NewLeaf Symbiotics, a global leader in pink-pigmented facultative methylotrophs (PPFMs), has successfully closed a fully funded Series D financing round, securing $45 million. The round was led by new investor Gullspång Re:food, with participation from Otter Capital Partners LP, S2G Ventures, Leaps by Bayer, and other investors.
Over the past three years, NewLeaf has experienced significant growth with its PPFM technology, leading to a substantial increase in product shipments for corn and soy acres. The company’s product-applied footprint expanded from around 800,000 acres in crop year 2022 to 3.5 million acres in crop year 2023, with a projected nearly 11 million acres in crop year 2024.
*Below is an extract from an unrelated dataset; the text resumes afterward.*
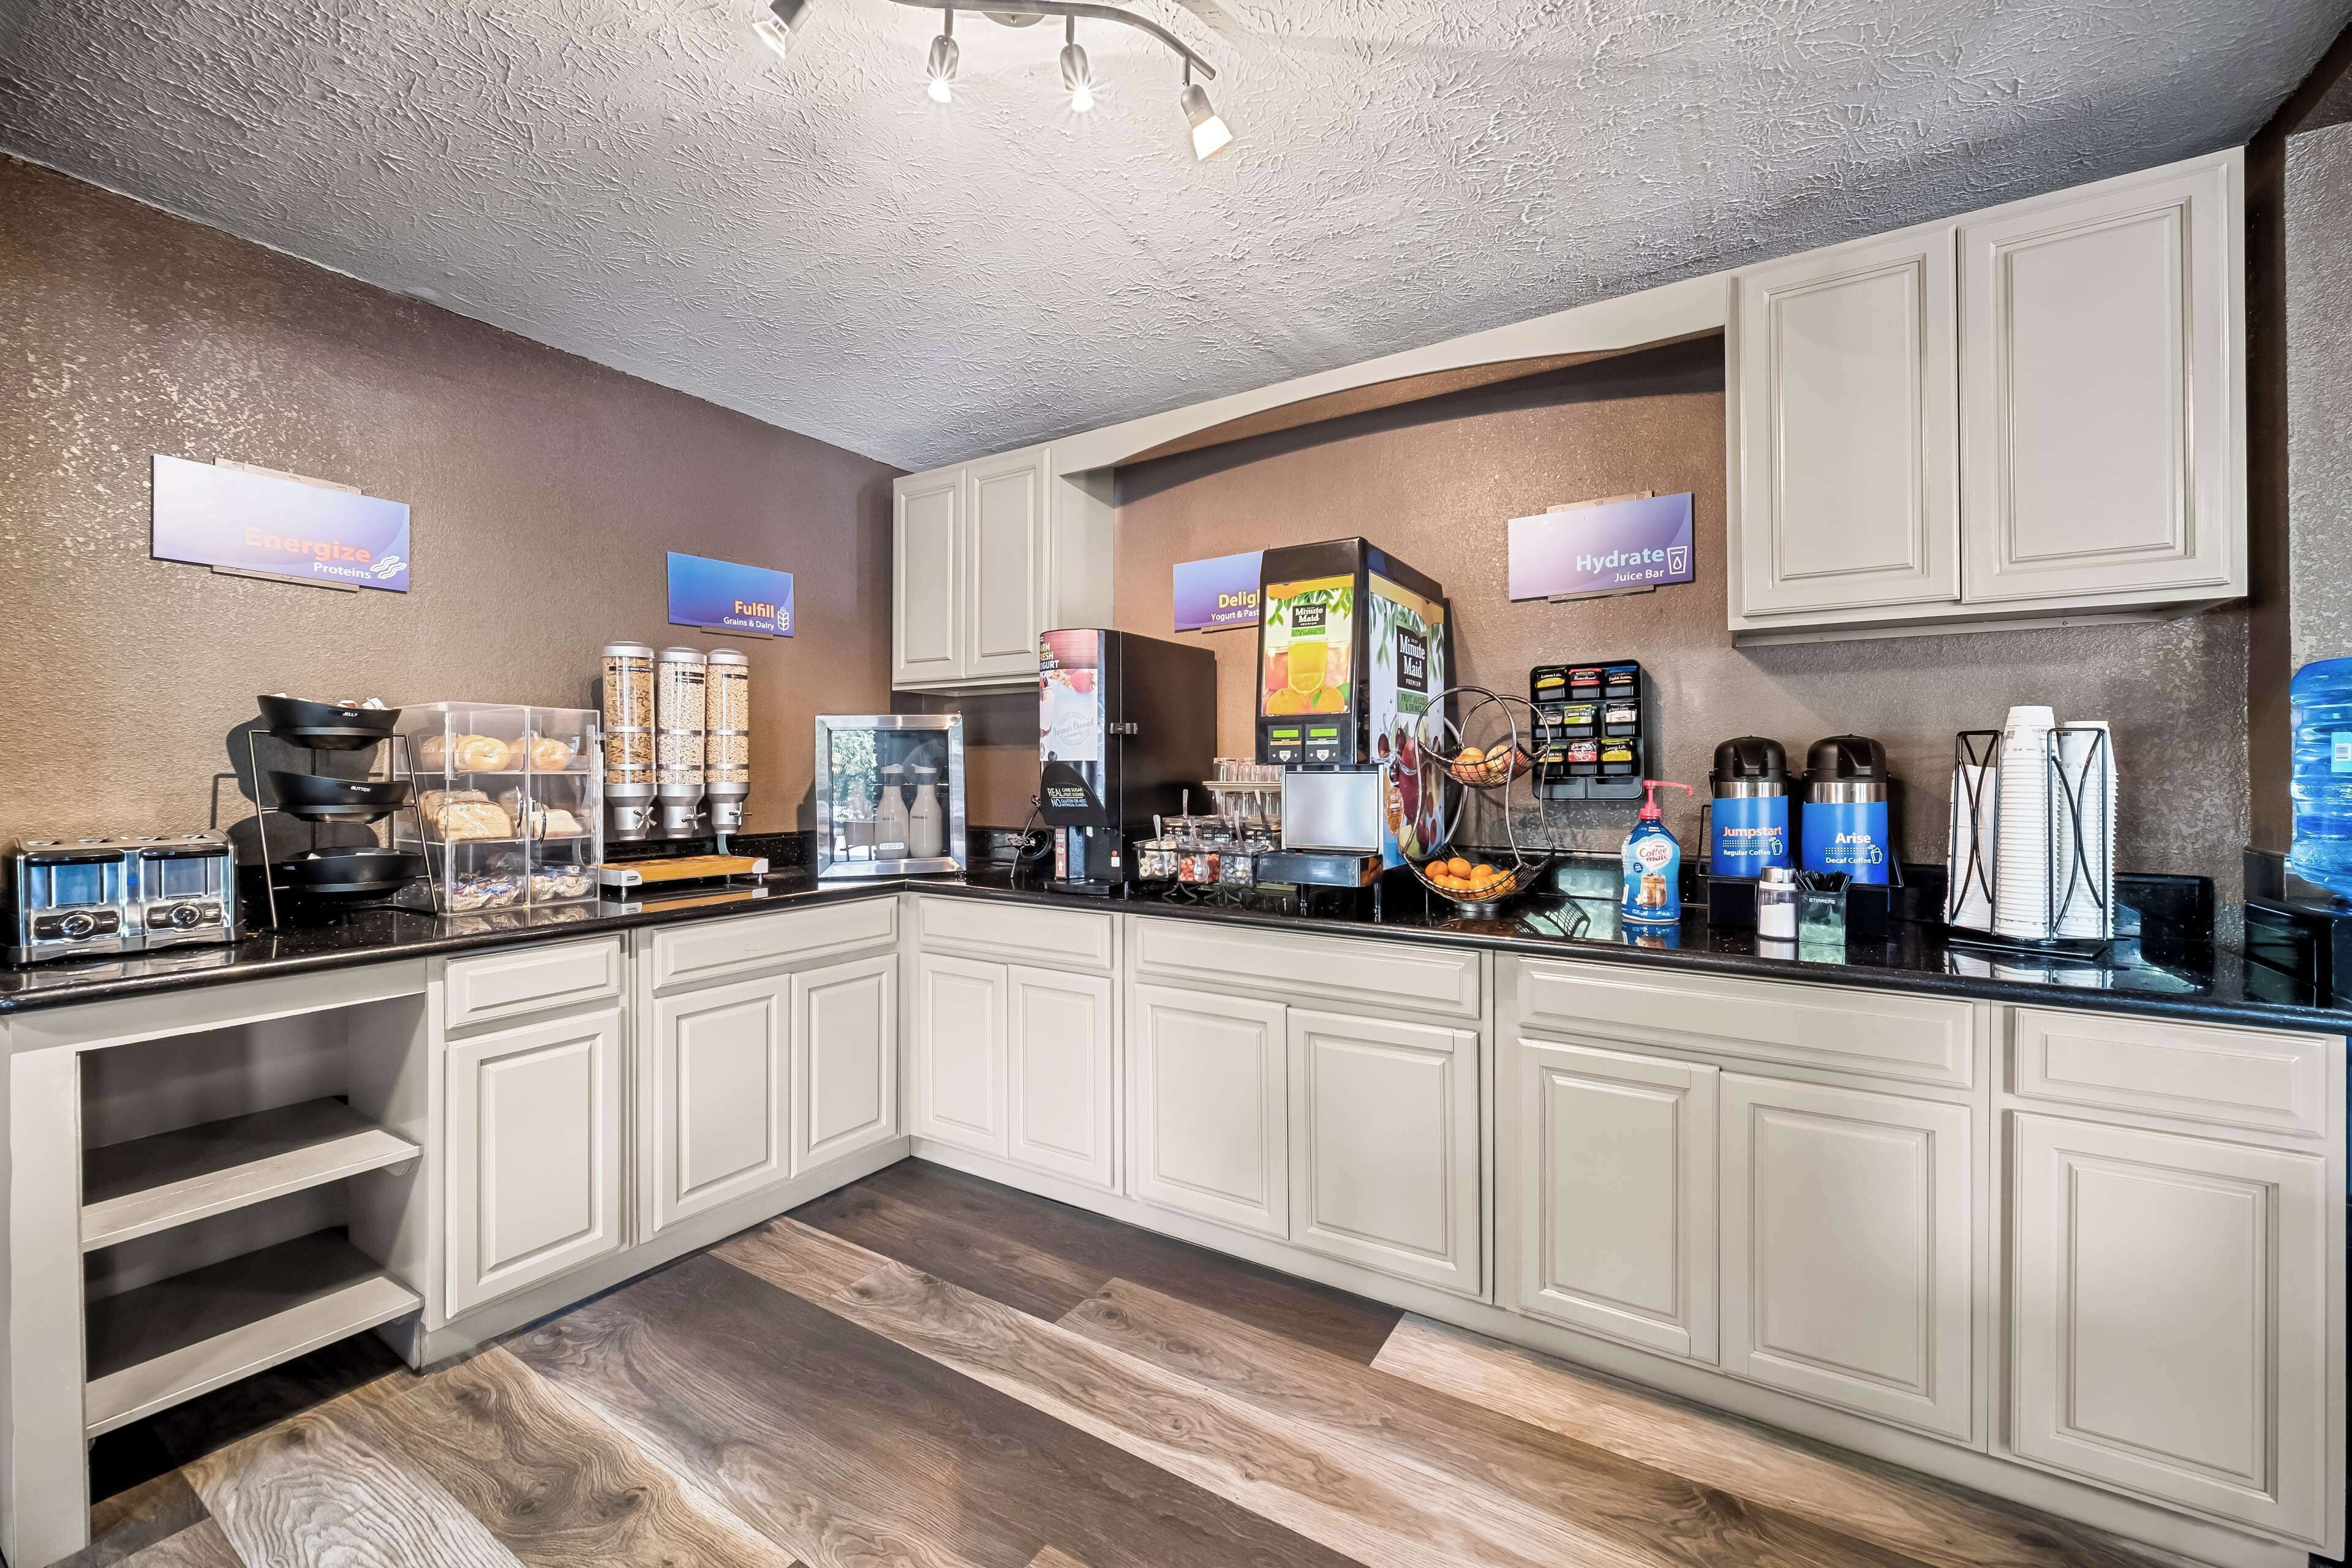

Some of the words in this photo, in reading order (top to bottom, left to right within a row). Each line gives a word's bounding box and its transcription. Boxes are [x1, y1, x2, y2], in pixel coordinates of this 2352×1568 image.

The newly raised funds will enable NewLeaf to accelerate its efforts in PPFM technology and related areas, including biostimulants/microbial inoculants, biocontrol, nitrogen use efficiency, and methane mitigation. Plans for 2024 include the introduction of a new EPA-registered biopesticide technology designed to repel corn rootworm in corn plants. Additionally, the company will focus on developing new biostimulant technologies for peanut and cotton, while continuing research and development for rice yield, nitrogen efficiency, and methane reduction.
NewLeaf remains committed to its mission of helping growers achieve more with less, particularly as they face challenges in feeding the world’s growing population. The company has attracted attention for its science-led approach and the proven performance of its PPFM technology.
Peter Odemark, Managing Director of Re:food and lead investor in the fundraising round, expressed excitement about NewLeaf’s potential to support farmers in finding sustainable solutions to challenges in food production. Odemark will also join NewLeaf’s Board of Directors.
Brent Smith, CEO and President of NewLeaf Symbiotics, emphasized that the funding round is a testament to the scientific credibility and proven performance of NewLeaf’s PPFM technology. The company aims to capitalize on this momentum, expanding into new crops, geographies, and increased acreage in the coming years.